Lowe and Zerán are each awarded £20,000 and up to a year’s writing residency at the British Library to develop their forthcoming books using the Library’s Americas collections, as well as the opportunity to showcase their finished work at Hay Festival events in the UK and Latin America.
They were selected from a six-strong shortlist of writers hailing from Europe, North and South America. Including both fiction and non-fiction, the 2024 shortlist covered a diverse array of subjects relating to the Americas including migration, gendered labour, folk healing, and revolution.
Now in its 13th year, the Writer’s Award is given annually to two writers in the early stages of a new book relating to the Americas. Along with the £20,000 grant, the winners also receive a residency at the British Library, the chance to appear at future Hay Festival editions with their published work, and the opportunity to work with the Eccles Centre to develop and facilitate activities and events related to their research at the British Library.

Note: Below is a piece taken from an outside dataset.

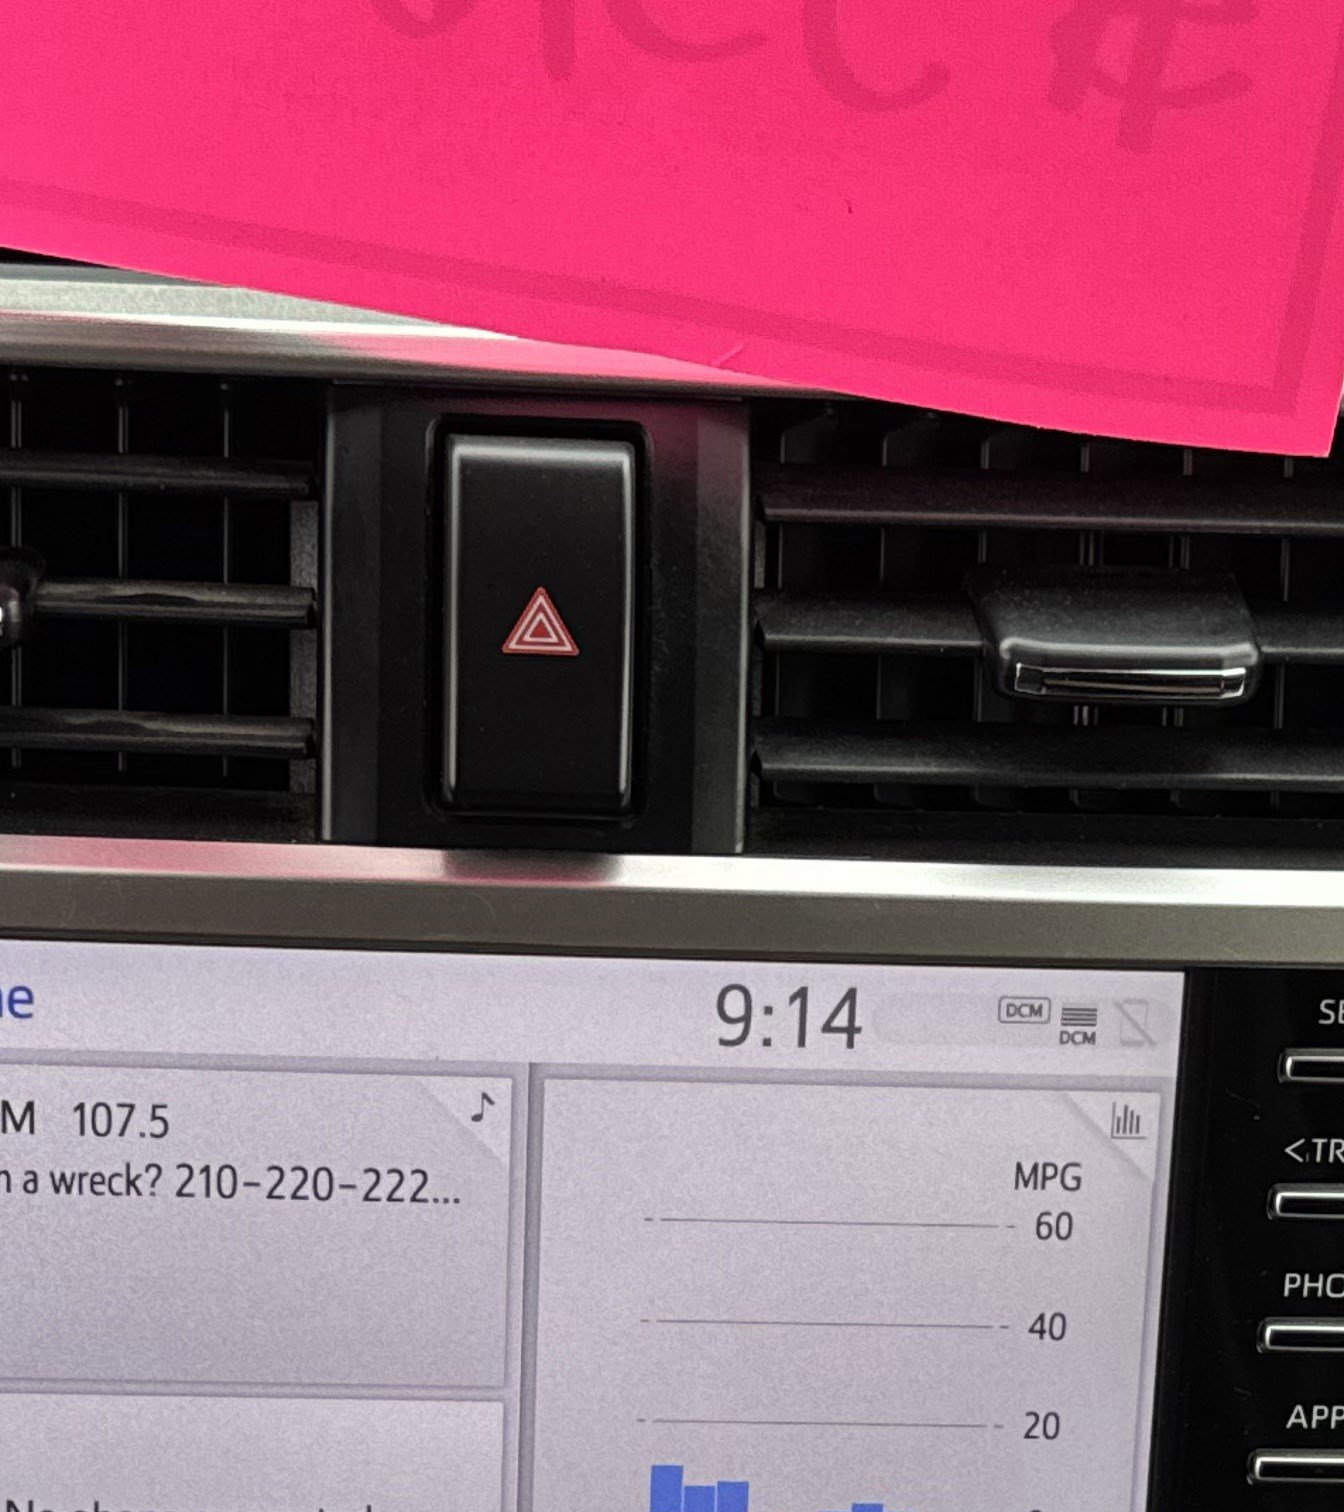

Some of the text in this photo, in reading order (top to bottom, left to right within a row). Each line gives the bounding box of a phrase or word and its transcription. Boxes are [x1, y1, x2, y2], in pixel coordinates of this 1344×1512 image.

The 2024 judging panel comprised Eccles Fisher Associates Director Catherine Eccles, Hay Festival International Director Cristina Fuentes La Roche, Head of the Eccles Centre for American Studies at the British Library Polly Russell, WritersMosaic Director Colin Grant and Lucy Rowlands, interim Lead Curator for American Collections at the British Library.
Head of the Eccles Centre for American Studies at the British Library Polly Russell said “We could not be more excited to support Hannah Lowe and Alia Trabucco as the 2024 Eccles-Hay Writer’s Award winners. Both their projects – one focussed on the Chinese population of the Caribbean and the other on Latin American identity - promise to explore untapped British Library Americas collections and to uncover aspects of Latin American and Caribbean culture and history that have been much overlooked. We look forward to welcoming them to the Library and supporting their work as they delve into the Library’s rich holdings.
Hay Festival International Director Cristina Fuentes La Roche said “We are delighted to award the grants to two writers that explore shifting identities, belonging and its meanings on today´s world, and that would link up their literary project with the work of amazing writers and researchers from the British Library archives.
Alia Trabucco’s project, about identity, specifically that of women, will connect the literary work of a writer who is already one of Latin America more exciting voices with the quest to explore identities by writers and artists such as Frida Kahlo. Hannah Lowe´s looks into the past, more specifically her own family, exploring race, colonial complexities and the legacy of the British Empire. We can´t wait to learn about their explorations and findings at the archives.”
Submissions for the 2024 Writer’s Award will open next summer.